В тот же день, в 6 часов вечера, Толстой прибыл в Оптину пустынь, знаменитый русский монастырь, куда раньше часто ездил на богомолье. Здесь он переночевал и утром написал длинную статью о смертной казни. Вечером 29 октября (11 ноября) он посетил Шамординский монастырь, где его сестра Мария была монахиней. Он обедал с ней и выразил желание закончить свой век в Оптиной пустыни, выполняя самые простые работы, при условии, что его не будут принуждать ходить в церковь. Он переночевал в Шамордине, ходил утром в соседнюю деревню, где хотел поселиться, и днем опять встретился с сестрой. Около 5 часов неожиданно приехала Александра. Она, очевидно, предупредила его, что бегство открыто и что за ним погоня. Они выехали тотчас же, ночью. Толстой, Александра и Маковицкий отправились на станцию Ковельск – вероятно, намереваясь пробраться на юг России, а оттуда на Балканы – в Болгарию, в Сербию. На станции Астапово Толстой захворал и слег. Здесь он и умер.

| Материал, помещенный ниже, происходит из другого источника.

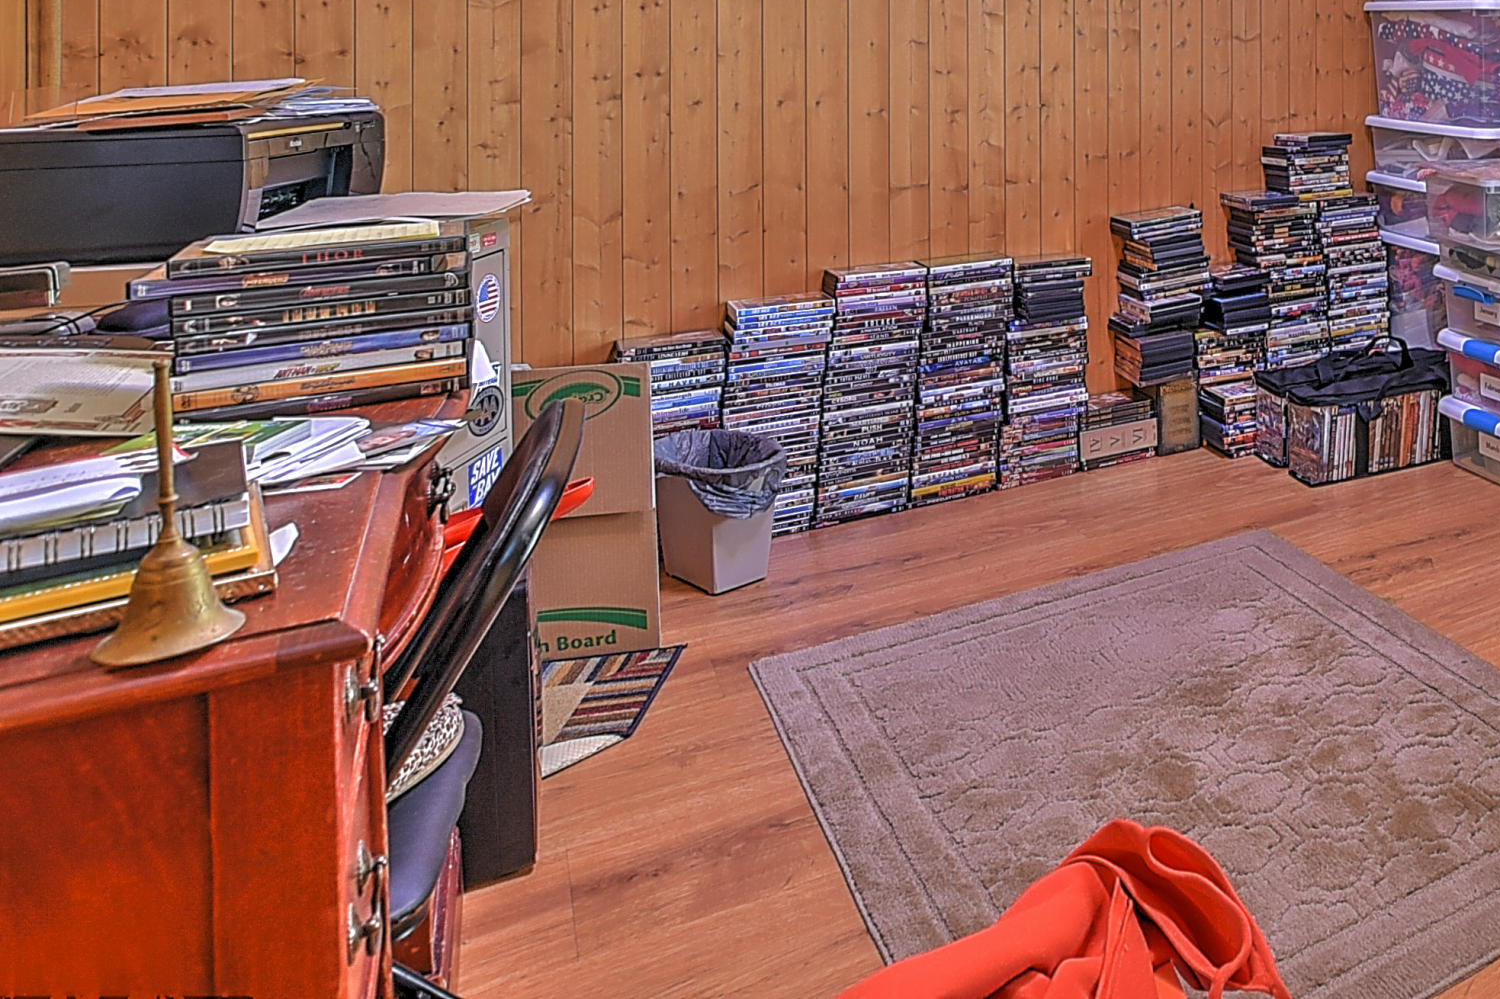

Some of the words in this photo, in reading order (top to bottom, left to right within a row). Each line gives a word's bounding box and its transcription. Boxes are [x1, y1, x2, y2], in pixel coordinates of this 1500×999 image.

[954, 357, 982, 367] AVATAR
[861, 424, 882, 433] PUSH
[853, 437, 883, 447] NOAH
[471, 446, 501, 485] SAVE
[556, 629, 617, 651] Board

Полные сведения о его последних днях можно найти в книге «Бегство и смерть Толстого» (Бруно Кассирер, Берлин, 1925), для которой Ренэ Фюлеп-Миллер и Фридрих Экштейн собрали рассказы дочери Толстого, его жены, врача, присутствовавших друзей и секретную правительственную переписку. Последняя, обнаруженная после Октябрьской революции, показывает, что правительство и церковь окружили умирающего сетью интриг с целью создать видимость возвращения Толстого в лоно церкви. Правительство и лично сам царь оказали давление на св. синод, который направил в Астапово тульского архиепископа. Но их попытка инсценировать примирение Толстого с церковью потерпела провал.
Видно также, что правительство и власти были сильно обеспокоены. В полицейских донесениях рязанский губернатор князь Оболенский час за часом уведомляет генерала Львова, начальника московской жандармерии, о всех происшествиях и всех посетителях Астапова, а генерал Львов приказывает ему строжайше охранять вокзал, чтобы изолировать траурный кортеж от народа. Наверху боялись возможности крупных политических манифестаций.

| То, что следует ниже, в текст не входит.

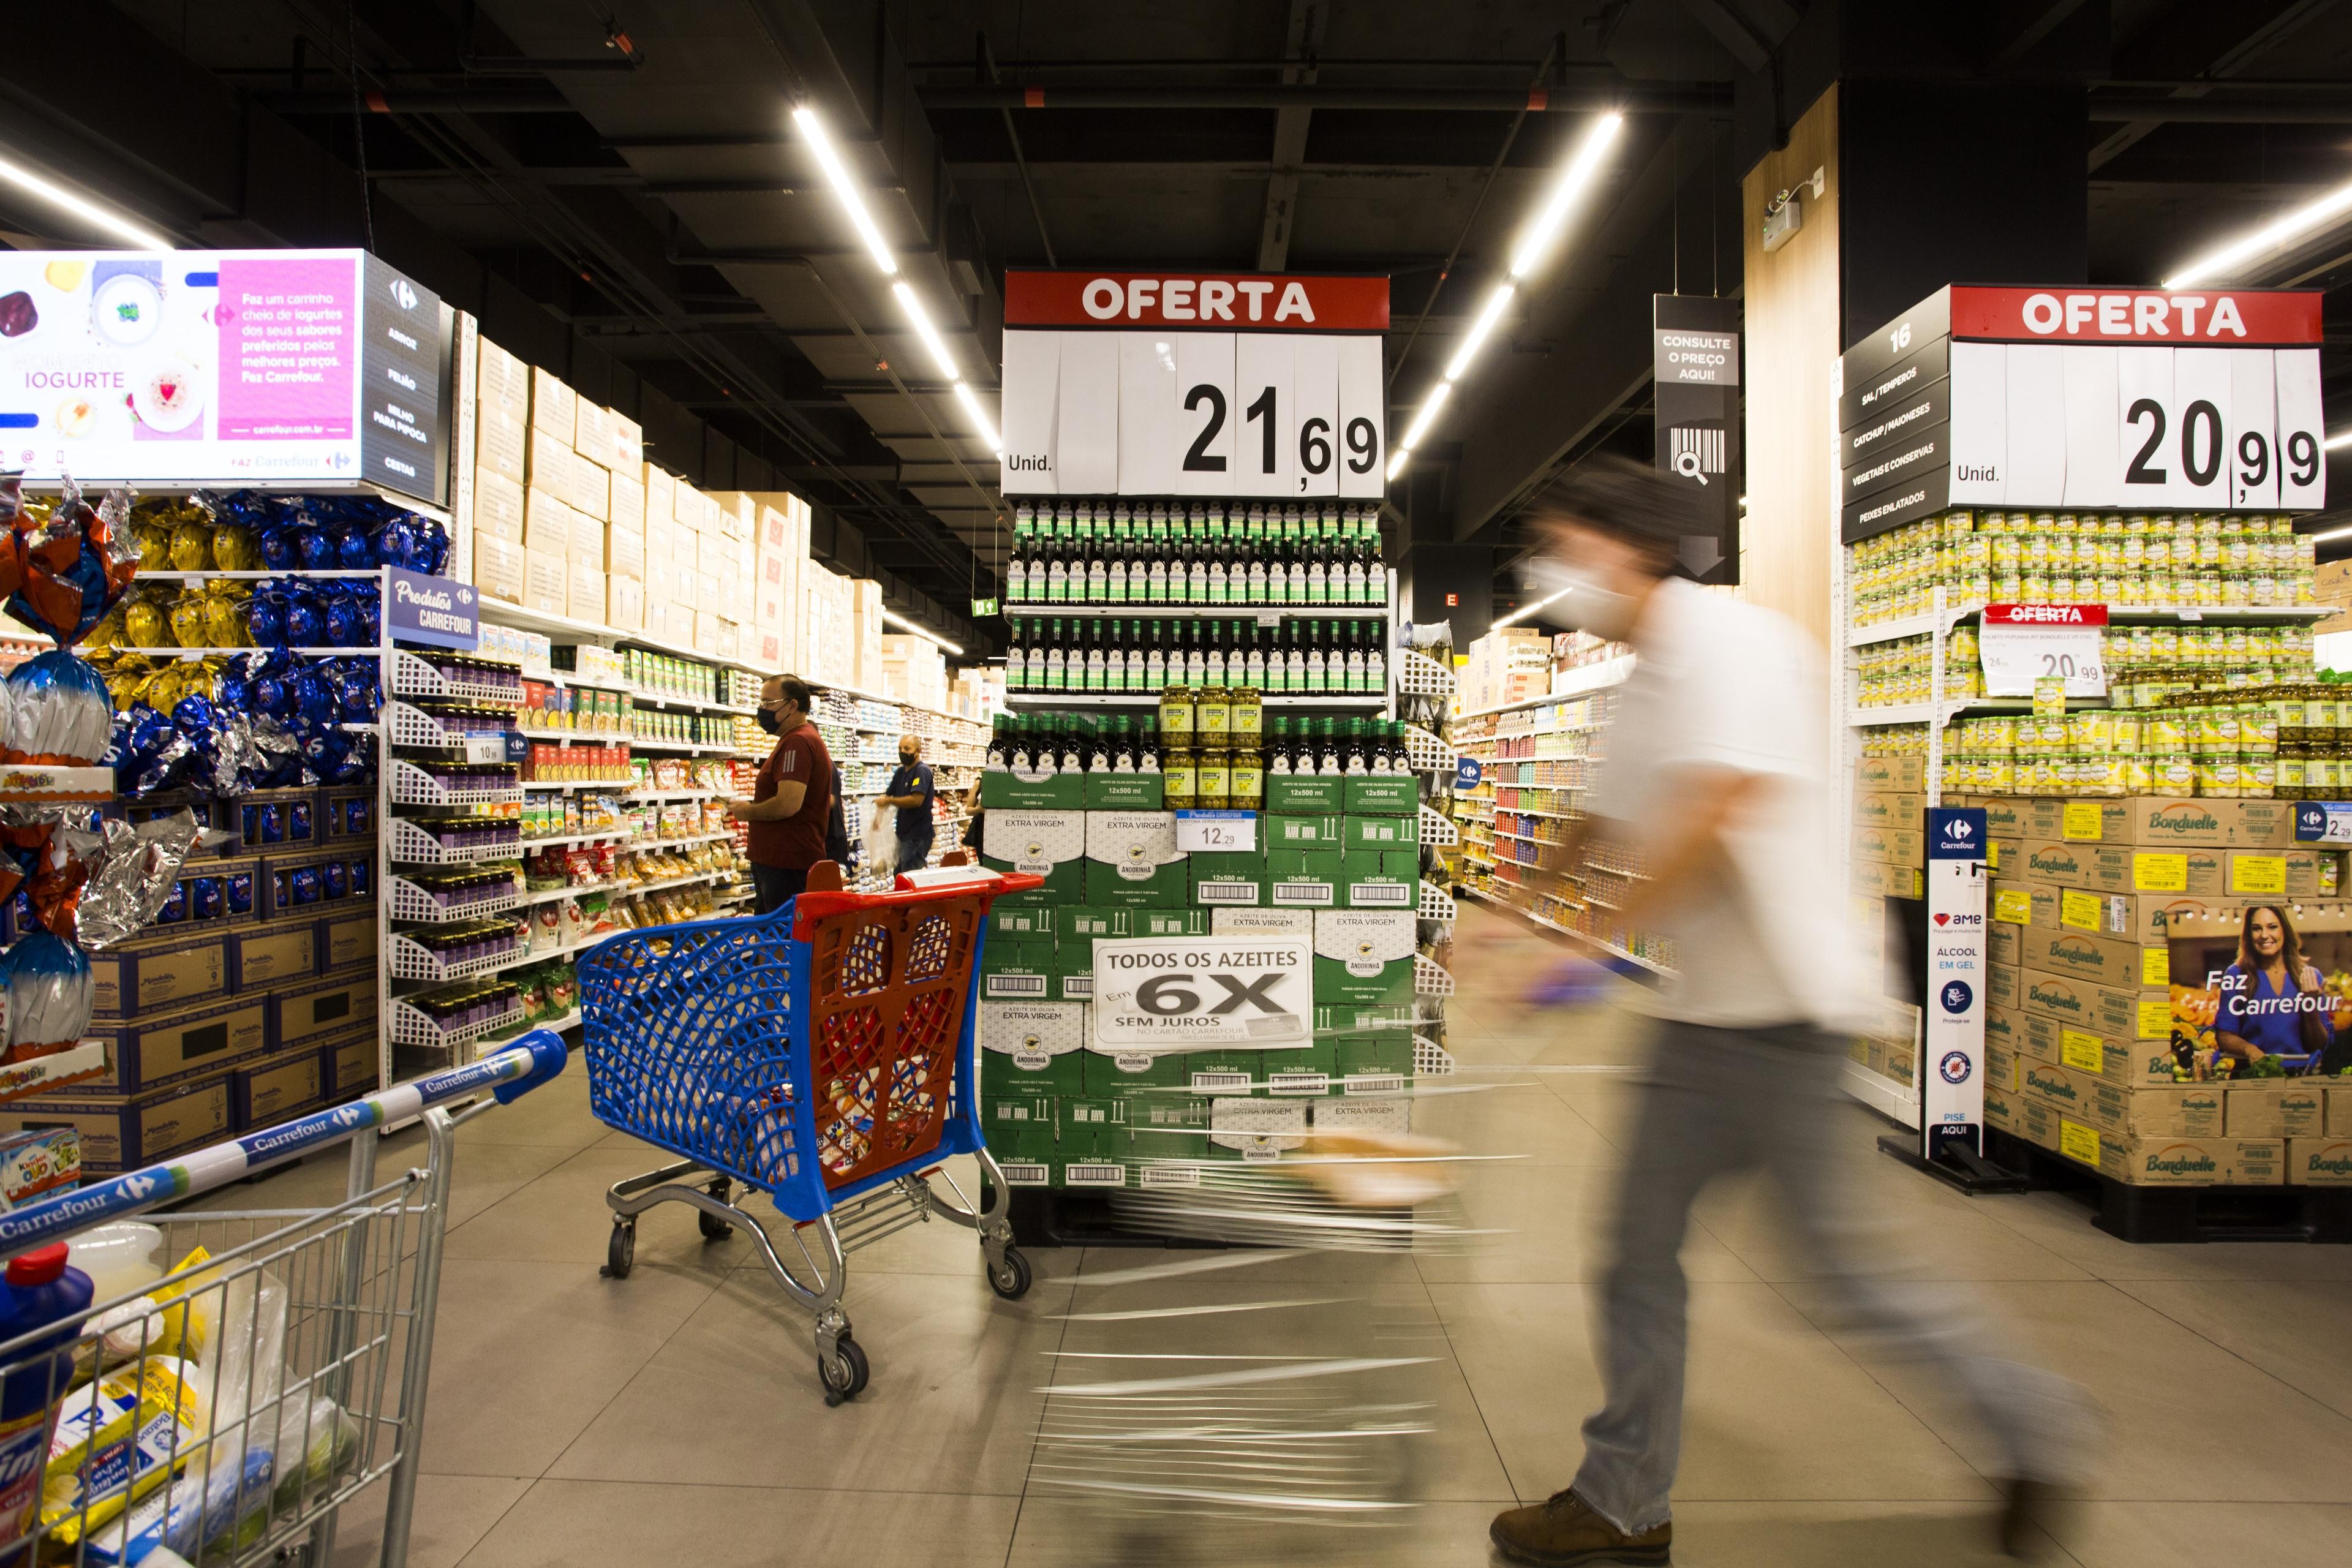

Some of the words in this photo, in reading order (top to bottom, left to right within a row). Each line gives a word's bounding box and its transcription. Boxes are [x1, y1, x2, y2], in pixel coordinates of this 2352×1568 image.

[242, 293, 263, 305] Faz
[266, 295, 284, 305] um
[287, 294, 334, 305] carrinho
[1082, 278, 1316, 323] OFERTA
[242, 309, 274, 321] cheio
[277, 310, 292, 320] de
[295, 309, 343, 322] iogurtes
[2022, 293, 2247, 337] OFERTA
[242, 325, 263, 336] dos
[266, 326, 293, 336] seus
[296, 325, 342, 336] sabores
[388, 327, 418, 351] ARROZ
[1890, 323, 1911, 353] 16
[242, 340, 301, 354] preferidos
[304, 340, 335, 353] pelos
[1662, 336, 1731, 350] CONSULTE
[242, 356, 295, 368] melhores
[1668, 352, 1679, 363] O
[1681, 353, 1725, 368] PREÇO
[26, 372, 124, 388] IOGURTE
[242, 371, 263, 383] Faz
[388, 368, 417, 391] FEIJÃO
[1679, 368, 1715, 381] AQUI!
[1861, 391, 1875, 406] SAL
[1878, 366, 1917, 396] TEMPEROS
[387, 403, 415, 424] MILHO
[253, 424, 323, 434] carrefour.com.br
[373, 410, 398, 431] PARA
[397, 421, 428, 443] PIPOCA
[1853, 424, 1885, 448] CATCHUP
[1887, 402, 1931, 432] MAIONESES
[255, 454, 319, 467] Carrefour
[385, 457, 416, 478] CESTAS
[1008, 454, 1052, 471] Unid.
[1852, 464, 1885, 486] VEGETAIS
[1890, 443, 1934, 470] CONSERVAS
[1958, 465, 2000, 483] Unid.
[1859, 506, 1882, 524] PEIXES
[1882, 490, 1926, 516] ENLATADOS
[394, 579, 452, 611] Produtos
[1447, 594, 1456, 606] E
[420, 609, 472, 635] CARREFOUR
[2010, 606, 2083, 622] OFERTA
[2149, 812, 2218, 833] Bonduelle
[2329, 820, 2351, 837] 2,29
[1202, 827, 1235, 845] 12,29
[2029, 853, 2078, 874] Bonduelle
[1107, 952, 1178, 970] TODOS
[1185, 952, 1211, 967] OS
[1218, 951, 1297, 967] AZEITES
[1937, 946, 1977, 956] ÁLCOOL
[2049, 940, 2104, 966] Bonduelle
[2206, 970, 2248, 991] Faz
[1106, 990, 1131, 1003] Em
[1136, 973, 1289, 1016] 6X
[2029, 985, 2081, 1012] Bonduelle
[2228, 992, 2342, 1016] Carrefour
[1115, 1017, 1153, 1027] SEM
[1159, 1017, 1221, 1027] JUROS
[1153, 1026, 1189, 1035] CARTÃO
[1192, 1027, 1244, 1035] CARREFOUR
[425, 1068, 481, 1093] Carrefour
[2027, 1070, 2076, 1101] Bonduelle
[2181, 1098, 2217, 1110] Bonduelle
[1943, 1113, 1966, 1121] PISE
[254, 1118, 328, 1153] Carrefour
[1942, 1126, 1967, 1136] AQUI
[2146, 1153, 2217, 1175] Bonduelle
[0, 1193, 107, 1239] Carrefour

Скромный домик, в котором умер Толстой, был окружен тучей полицейских, сыщиков, газетных репортеров, кинооператоров, подстерегавших истерзанную горем графиню Толстую, которая примчалась, чтобы выразить умирающему свою любовь и свое раскаяние, и которую не допустили к нему дети. – Р. Р.
«Только одно советую вам помнить: есть пропасть людей на свете, кроме Льва Толстого, а вы смотрите на одного Льва».

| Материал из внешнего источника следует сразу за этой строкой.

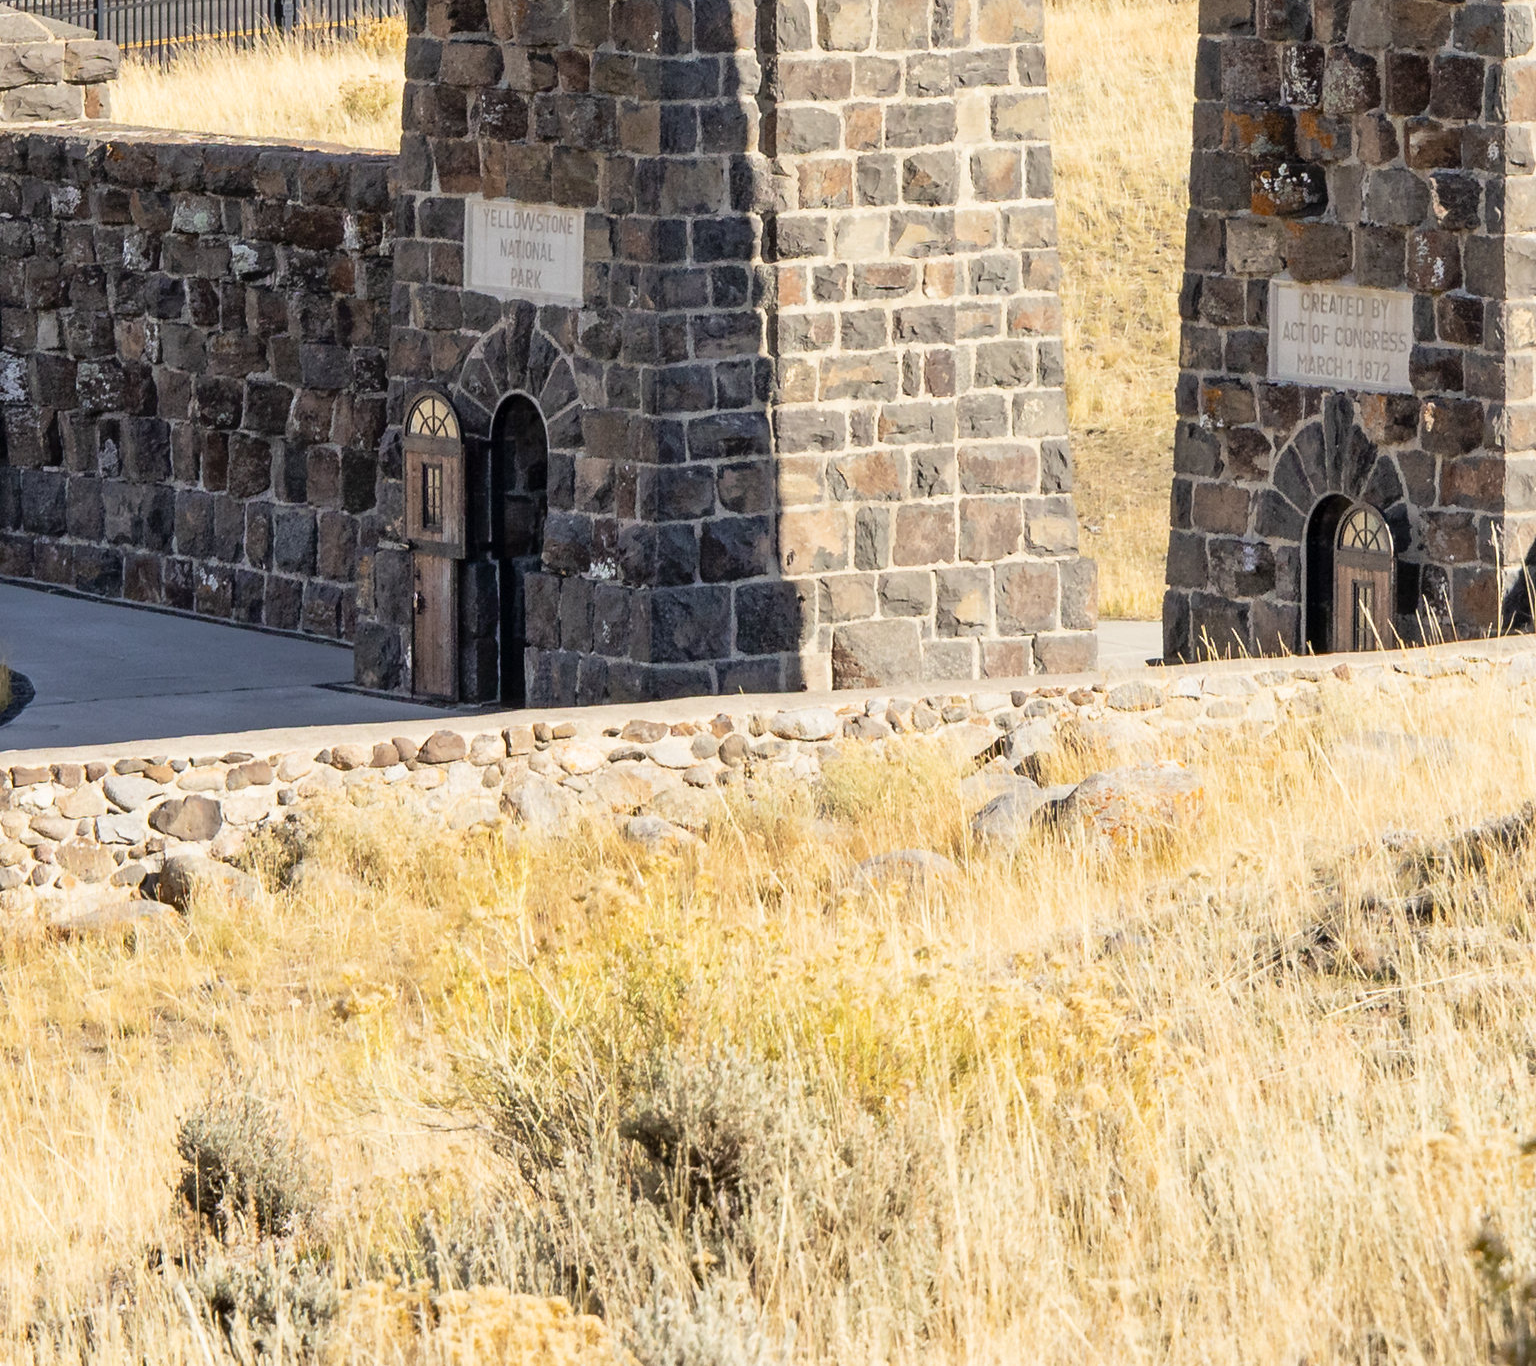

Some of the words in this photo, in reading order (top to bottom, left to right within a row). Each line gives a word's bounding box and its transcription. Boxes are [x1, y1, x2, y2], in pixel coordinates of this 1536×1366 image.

[483, 209, 573, 235] YELLOWSTONE
[500, 238, 555, 262] NATIONAL
[511, 268, 542, 289] PARK
[1301, 292, 1365, 317] CREATED
[1371, 298, 1390, 319] BY
[1282, 321, 1306, 343] ACT
[1312, 324, 1329, 345] OF
[1335, 327, 1408, 353] CONGRESS
[1296, 354, 1343, 378] MARCH

И вот она пришла – в воскресенье 20 ноября 1910 г., в седьмом часу утра, – пришла «избавительница», как он ее называл, «смерть, благословенная смерть…»
Битва была закончена. Она длилась восемьдесят два года, и полем ее была сама жизнь Толстого. Все силы этой жизни, все достоинства, все пороки и слабости гения принимали участие в этой трагической и славной борьбе. Все пороки, за исключением одного – лжи, которую Толстой неустанно преследовал, выискивал ее повсюду и беспощадно изгонял.